--- Data for the task ---
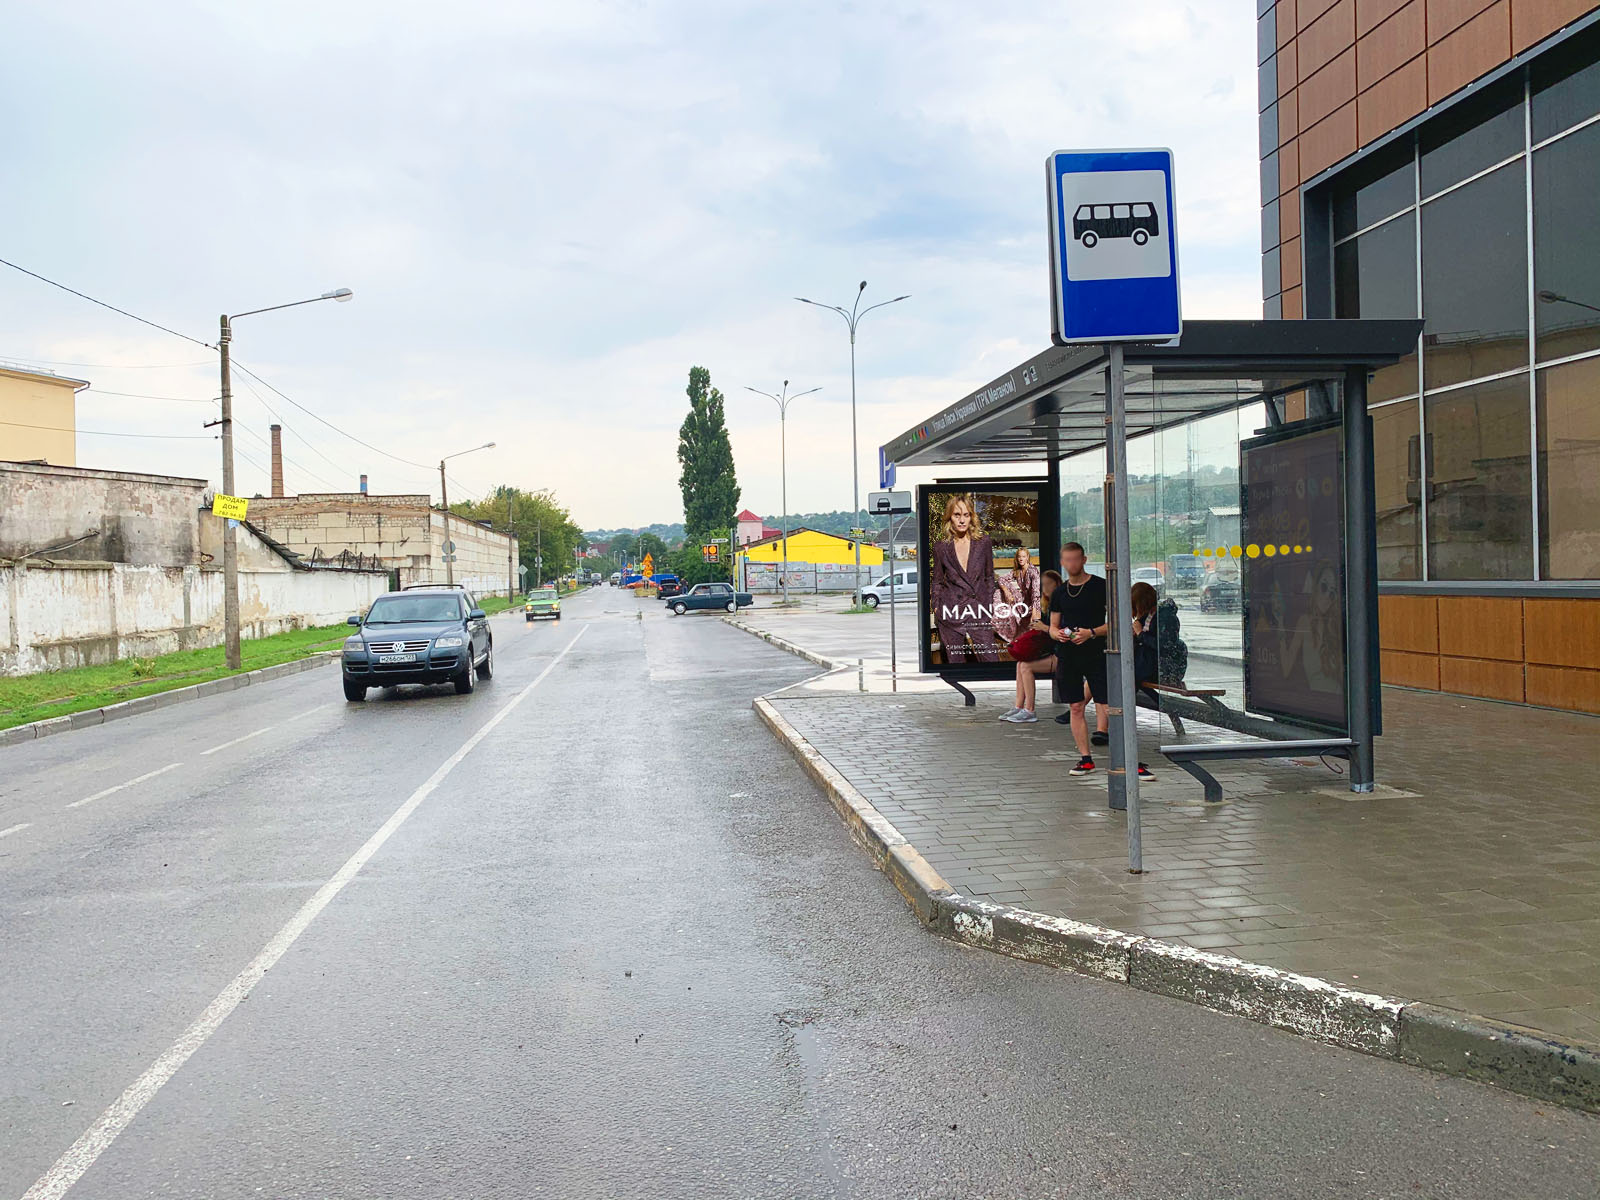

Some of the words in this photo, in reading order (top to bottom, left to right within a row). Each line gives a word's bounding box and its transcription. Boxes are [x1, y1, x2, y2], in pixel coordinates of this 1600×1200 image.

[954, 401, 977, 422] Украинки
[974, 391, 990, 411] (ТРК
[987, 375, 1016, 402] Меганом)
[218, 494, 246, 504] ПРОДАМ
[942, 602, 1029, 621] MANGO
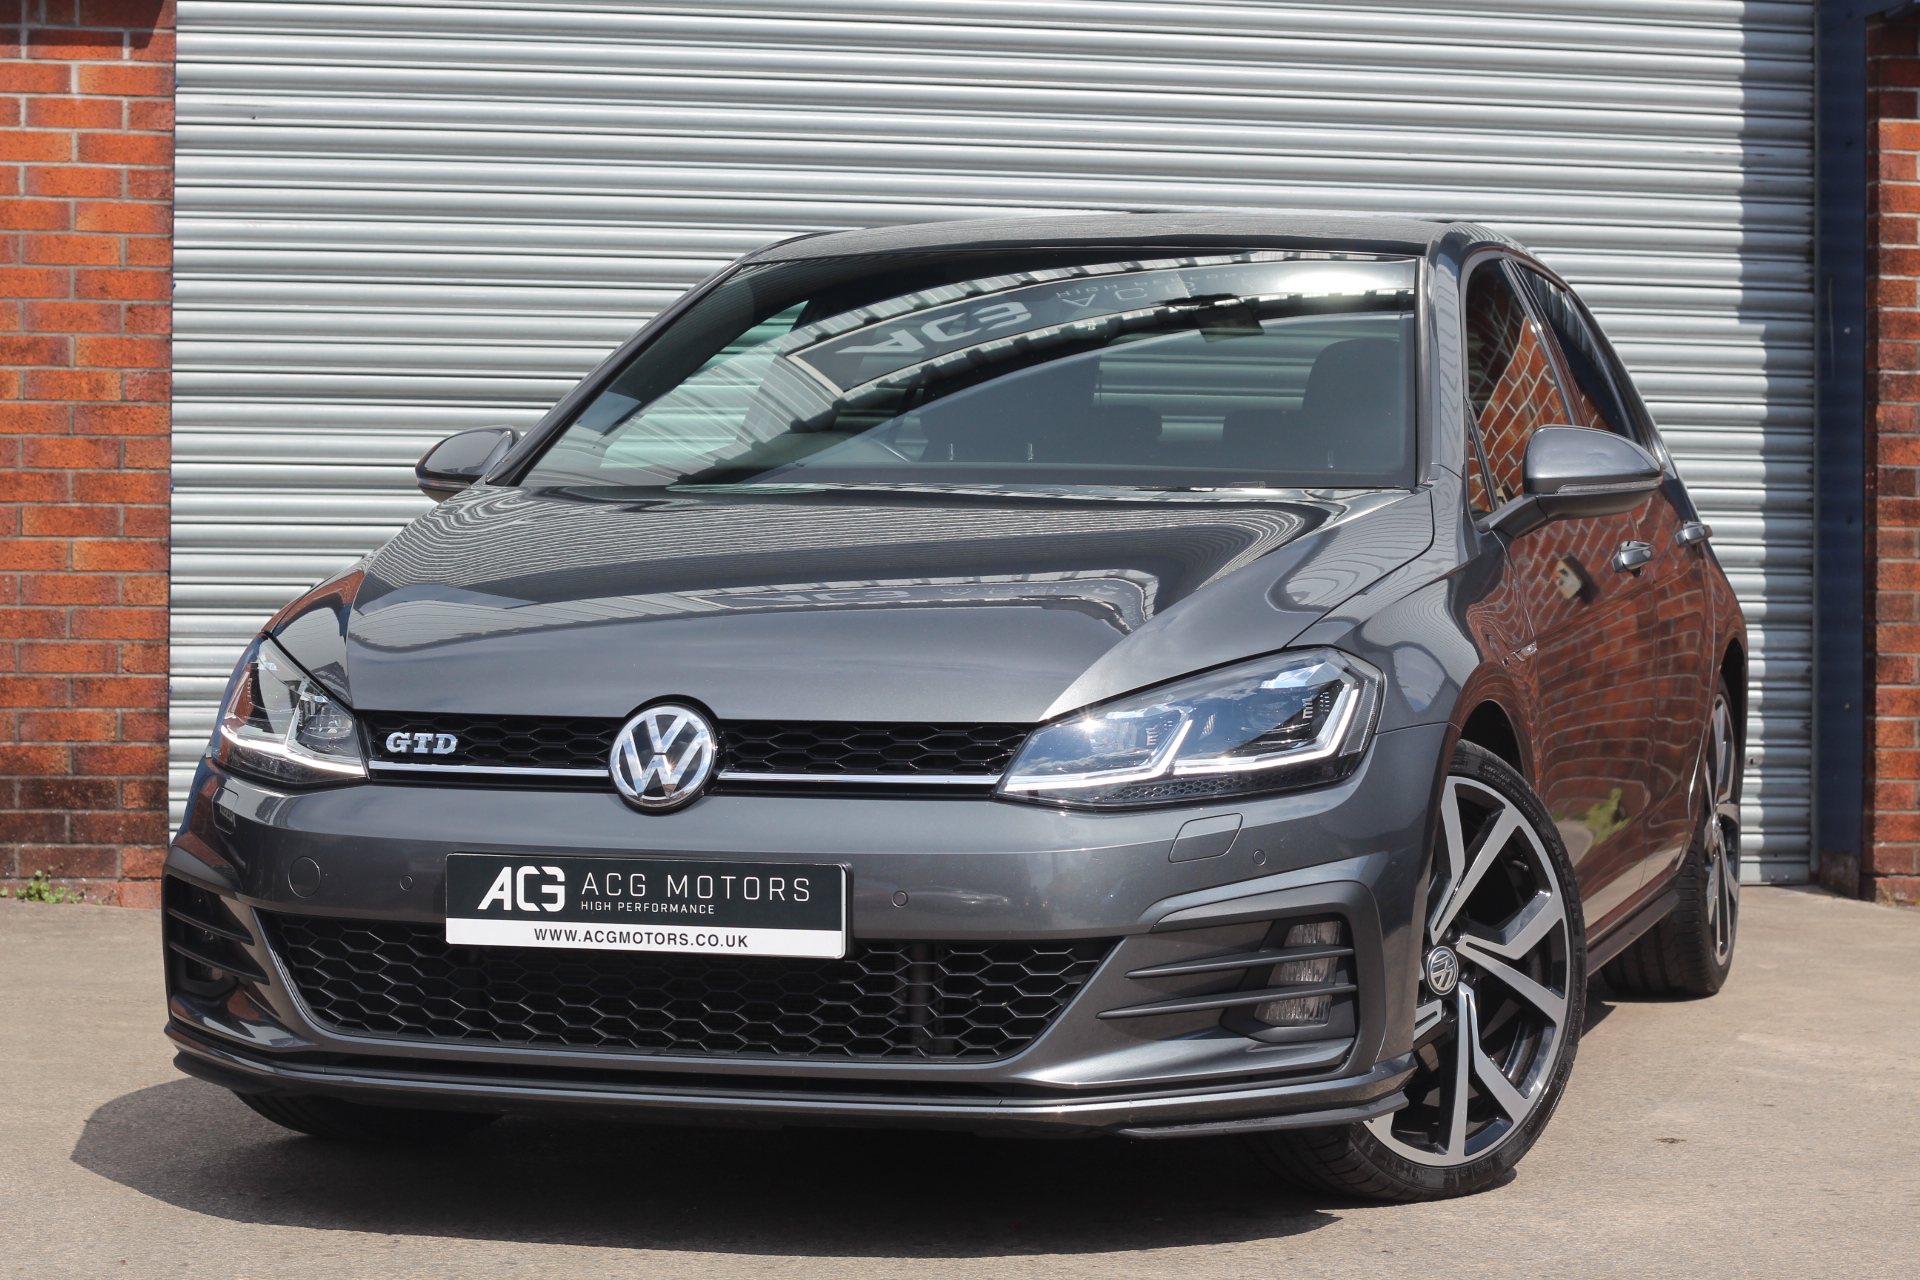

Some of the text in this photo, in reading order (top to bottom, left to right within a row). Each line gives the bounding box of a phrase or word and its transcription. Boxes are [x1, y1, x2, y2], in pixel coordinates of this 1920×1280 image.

---

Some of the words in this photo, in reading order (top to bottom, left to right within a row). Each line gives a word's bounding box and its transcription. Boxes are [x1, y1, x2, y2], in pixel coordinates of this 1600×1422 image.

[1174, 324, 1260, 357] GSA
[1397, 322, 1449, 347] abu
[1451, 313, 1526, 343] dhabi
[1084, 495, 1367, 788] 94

--- What to do ---
Reproduce exactly the lines above starting at the line containing "this 1600×1200 image." and ending at the line containing "Some of the text", including both, but not the pictures.

--- Task answer ---
Some of the words in this photo, in reading order (top to bottom, left to right within a row). Each line gives a word's bounding box and its transcription. Boxes are [x1, y1, x2, y2], in pixel coordinates of this 1600×1200 image.

[954, 401, 977, 422] Украинки
[974, 391, 990, 411] (ТРК
[987, 375, 1016, 402] Меганом)
[218, 494, 246, 504] ПРОДАМ
[942, 602, 1029, 621] MANGO

Some of the text in this photo, in reading order (top to bottom, left to right within a row). Each line gives the bounding box of a phrase or word and its transcription. Boxes are [x1, y1, x2, y2], in pixel coordinates of this 1920×1280 image.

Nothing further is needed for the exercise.